Segment Start: Records shown
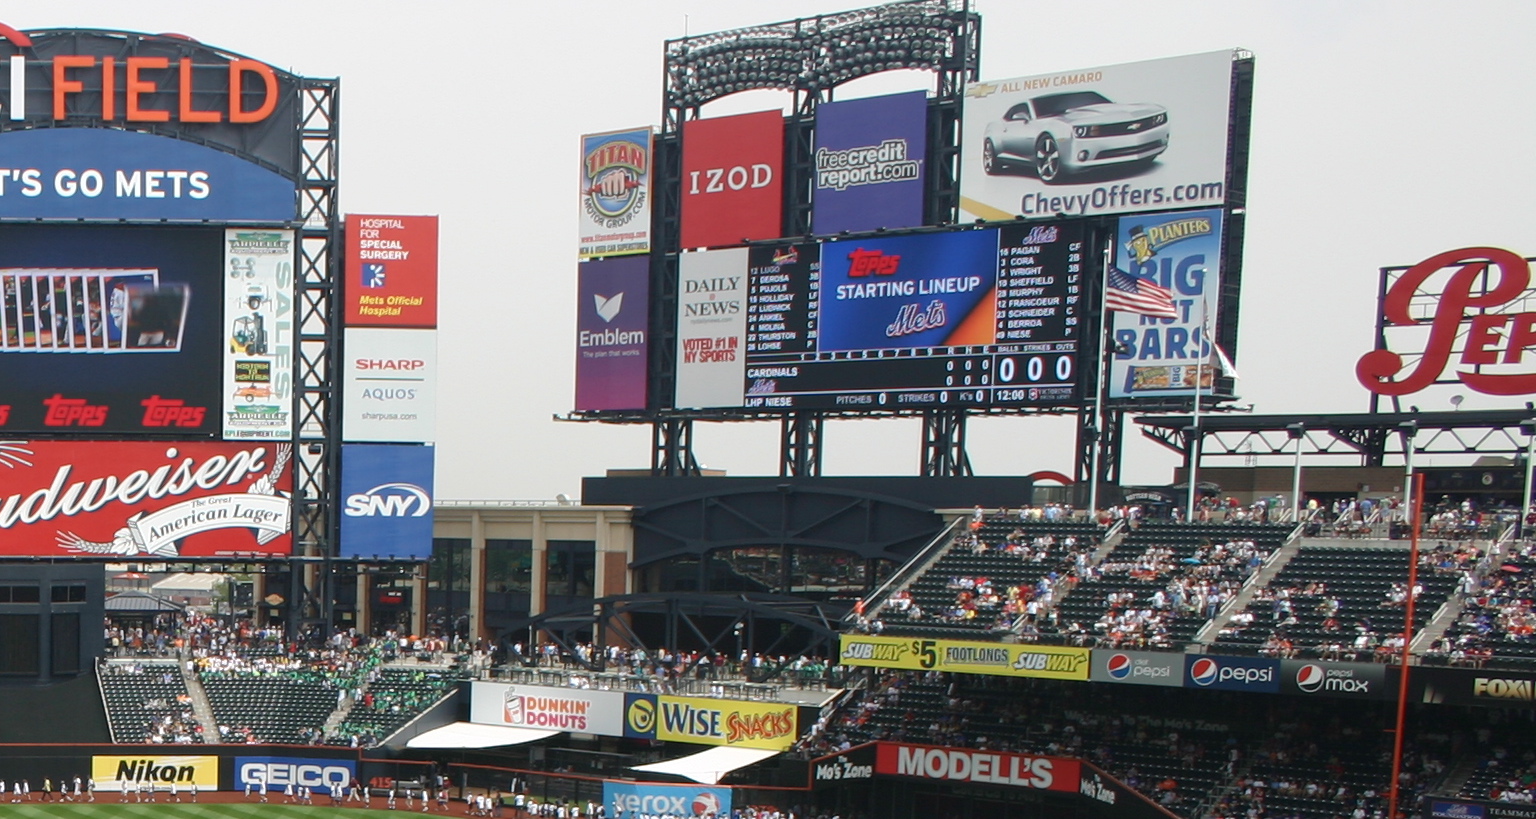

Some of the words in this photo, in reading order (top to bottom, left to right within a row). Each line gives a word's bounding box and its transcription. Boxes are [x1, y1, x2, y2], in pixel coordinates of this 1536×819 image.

[52, 56, 279, 123] FIELD
[1001, 81, 1022, 93] ALL
[1024, 77, 1052, 91] NEW
[1053, 72, 1103, 88] CAMARO
[588, 145, 645, 174] TITAN
[818, 142, 904, 169] freecredit
[54, 169, 103, 197] GO
[116, 170, 211, 199] METS
[689, 164, 772, 194] IZOD
[819, 163, 917, 189] report.com
[1021, 181, 1223, 214] ChevyOffers.com
[360, 219, 405, 229] HOSPITAL
[1149, 218, 1210, 246] PLANTERS
[360, 229, 380, 239] FOR
[359, 240, 403, 250] SPECIAL
[359, 250, 409, 260] SURGERY
[1010, 257, 1035, 267] CORA
[1008, 276, 1054, 287] SHEFFIELD
[1128, 254, 1207, 297] BIG
[685, 276, 741, 294] DAILY
[836, 282, 914, 299] STARTING
[919, 276, 981, 294] LINEUP
[359, 295, 384, 305] Mets
[386, 296, 423, 306] Official
[684, 301, 740, 317] NEWS
[1008, 297, 1060, 308] FRANCOEUR
[359, 306, 402, 318] Hospital
[885, 300, 947, 338] Mets
[1007, 307, 1056, 318] SCHNEIDER
[275, 261, 292, 400] SALES
[580, 328, 644, 347] Emblem
[683, 338, 713, 351] VOTED
[714, 337, 726, 350] #1
[727, 336, 739, 349] IN
[1023, 344, 1051, 352] STRIKES
[1055, 343, 1075, 351] OUTS
[1114, 326, 1211, 361] BARS
[355, 358, 425, 371] SHARP
[684, 351, 697, 363] NY
[698, 349, 736, 363] SPORTS
[747, 367, 798, 379] CARDINALS
[999, 357, 1015, 382] 0
[1027, 357, 1043, 382] 0
[1055, 355, 1072, 381] 0
[362, 388, 416, 402] AQUOS
[745, 397, 763, 407] LHP
[765, 397, 794, 407] NIESE
[836, 395, 872, 405] PITCHES
[898, 393, 935, 403] STRIKES
[996, 389, 1025, 400] 12:00
[362, 412, 418, 422] sharpusa.com
[345, 493, 418, 517] SNY
[149, 504, 229, 544] American
[233, 504, 282, 525] Lager
[842, 642, 910, 662] SUBWAY
[911, 640, 936, 669] $5
[946, 647, 1008, 663] FOOTLONGS
[1013, 652, 1088, 672] SUBWAY
[1133, 666, 1171, 679] pepsi
[1219, 666, 1273, 684] pepsi
[1326, 669, 1353, 679] pepsi
[1325, 677, 1368, 693] max
[526, 697, 591, 715] DUNKIN'
[526, 711, 587, 730] DONUTS
[661, 701, 724, 736] WISE
[727, 708, 794, 744] SNACKS
[115, 760, 195, 784] Nikon
[240, 762, 350, 788] GEICO
[816, 763, 841, 780] Mo's
[843, 762, 872, 779] Zone
[897, 747, 1053, 790] MODELL'S
[369, 776, 391, 788] 415
[614, 791, 687, 815] xerox
Segment End: Records shown
- _Assignment_: When you output the entries, keep each line exactly as it is and leave out any pictures.

- _Task result_:
Some of the words in this photo, in reading order (top to bottom, left to right within a row). Each line gives a word's bounding box and its transcription. Boxes are [x1, y1, x2, y2], in pixel coordinates of this 1536×819 image.

[52, 56, 279, 123] FIELD
[1001, 81, 1022, 93] ALL
[1024, 77, 1052, 91] NEW
[1053, 72, 1103, 88] CAMARO
[588, 145, 645, 174] TITAN
[818, 142, 904, 169] freecredit
[54, 169, 103, 197] GO
[116, 170, 211, 199] METS
[689, 164, 772, 194] IZOD
[819, 163, 917, 189] report.com
[1021, 181, 1223, 214] ChevyOffers.com
[360, 219, 405, 229] HOSPITAL
[1149, 218, 1210, 246] PLANTERS
[360, 229, 380, 239] FOR
[359, 240, 403, 250] SPECIAL
[359, 250, 409, 260] SURGERY
[1010, 257, 1035, 267] CORA
[1008, 276, 1054, 287] SHEFFIELD
[1128, 254, 1207, 297] BIG
[685, 276, 741, 294] DAILY
[836, 282, 914, 299] STARTING
[919, 276, 981, 294] LINEUP
[359, 295, 384, 305] Mets
[386, 296, 423, 306] Official
[684, 301, 740, 317] NEWS
[1008, 297, 1060, 308] FRANCOEUR
[359, 306, 402, 318] Hospital
[885, 300, 947, 338] Mets
[1007, 307, 1056, 318] SCHNEIDER
[275, 261, 292, 400] SALES
[580, 328, 644, 347] Emblem
[683, 338, 713, 351] VOTED
[714, 337, 726, 350] #1
[727, 336, 739, 349] IN
[1023, 344, 1051, 352] STRIKES
[1055, 343, 1075, 351] OUTS
[1114, 326, 1211, 361] BARS
[355, 358, 425, 371] SHARP
[684, 351, 697, 363] NY
[698, 349, 736, 363] SPORTS
[747, 367, 798, 379] CARDINALS
[999, 357, 1015, 382] 0
[1027, 357, 1043, 382] 0
[1055, 355, 1072, 381] 0
[362, 388, 416, 402] AQUOS
[745, 397, 763, 407] LHP
[765, 397, 794, 407] NIESE
[836, 395, 872, 405] PITCHES
[898, 393, 935, 403] STRIKES
[996, 389, 1025, 400] 12:00
[362, 412, 418, 422] sharpusa.com
[345, 493, 418, 517] SNY
[149, 504, 229, 544] American
[233, 504, 282, 525] Lager
[842, 642, 910, 662] SUBWAY
[911, 640, 936, 669] $5
[946, 647, 1008, 663] FOOTLONGS
[1013, 652, 1088, 672] SUBWAY
[1133, 666, 1171, 679] pepsi
[1219, 666, 1273, 684] pepsi
[1326, 669, 1353, 679] pepsi
[1325, 677, 1368, 693] max
[526, 697, 591, 715] DUNKIN'
[526, 711, 587, 730] DONUTS
[661, 701, 724, 736] WISE
[727, 708, 794, 744] SNACKS
[115, 760, 195, 784] Nikon
[240, 762, 350, 788] GEICO
[816, 763, 841, 780] Mo's
[843, 762, 872, 779] Zone
[897, 747, 1053, 790] MODELL'S
[369, 776, 391, 788] 415
[614, 791, 687, 815] xerox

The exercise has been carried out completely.